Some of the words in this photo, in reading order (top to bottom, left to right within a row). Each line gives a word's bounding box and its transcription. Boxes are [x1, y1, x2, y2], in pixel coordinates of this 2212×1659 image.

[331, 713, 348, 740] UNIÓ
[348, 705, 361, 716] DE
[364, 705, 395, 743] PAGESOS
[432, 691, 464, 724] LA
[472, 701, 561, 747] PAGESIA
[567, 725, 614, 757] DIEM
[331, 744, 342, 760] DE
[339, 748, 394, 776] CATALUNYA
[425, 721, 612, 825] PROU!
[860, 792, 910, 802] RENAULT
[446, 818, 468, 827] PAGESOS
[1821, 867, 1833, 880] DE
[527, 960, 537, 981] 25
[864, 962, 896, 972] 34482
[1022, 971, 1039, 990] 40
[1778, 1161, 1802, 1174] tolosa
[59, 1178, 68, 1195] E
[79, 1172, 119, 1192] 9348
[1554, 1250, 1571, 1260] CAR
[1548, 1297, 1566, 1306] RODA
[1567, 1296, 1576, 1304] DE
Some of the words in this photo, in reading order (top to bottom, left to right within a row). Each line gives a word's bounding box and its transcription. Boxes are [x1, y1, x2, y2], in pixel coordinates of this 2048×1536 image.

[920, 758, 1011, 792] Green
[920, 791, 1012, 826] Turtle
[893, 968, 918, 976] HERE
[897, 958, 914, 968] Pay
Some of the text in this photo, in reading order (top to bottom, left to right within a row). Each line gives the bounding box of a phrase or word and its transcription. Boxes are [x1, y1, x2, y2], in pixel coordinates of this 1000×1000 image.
= = =
**ABOUT THIS TASK**: Set down all of the entries exactly, please.

**FINISHED EXERCISE**:
Some of the words in this photo, in reading order (top to bottom, left to right within a row). Each line gives a word's bounding box and its transcription. Boxes are [x1, y1, x2, y2], in pixel coordinates of this 2212×1659 image.

[331, 713, 348, 740] UNIÓ
[348, 705, 361, 716] DE
[364, 705, 395, 743] PAGESOS
[432, 691, 464, 724] LA
[472, 701, 561, 747] PAGESIA
[567, 725, 614, 757] DIEM
[331, 744, 342, 760] DE
[339, 748, 394, 776] CATALUNYA
[425, 721, 612, 825] PROU!
[860, 792, 910, 802] RENAULT
[446, 818, 468, 827] PAGESOS
[1821, 867, 1833, 880] DE
[527, 960, 537, 981] 25
[864, 962, 896, 972] 34482
[1022, 971, 1039, 990] 40
[1778, 1161, 1802, 1174] tolosa
[59, 1178, 68, 1195] E
[79, 1172, 119, 1192] 9348
[1554, 1250, 1571, 1260] CAR
[1548, 1297, 1566, 1306] RODA
[1567, 1296, 1576, 1304] DE
Some of the words in this photo, in reading order (top to bottom, left to right within a row). Each line gives a word's bounding box and its transcription. Boxes are [x1, y1, x2, y2], in pixel coordinates of this 2048×1536 image.

[920, 758, 1011, 792] Green
[920, 791, 1012, 826] Turtle
[893, 968, 918, 976] HERE
[897, 958, 914, 968] Pay
Some of the text in this photo, in reading order (top to bottom, left to right within a row). Each line gives the bounding box of a phrase or word and its transcription. Boxes are [x1, y1, x2, y2], in pixel coordinates of this 1000×1000 image.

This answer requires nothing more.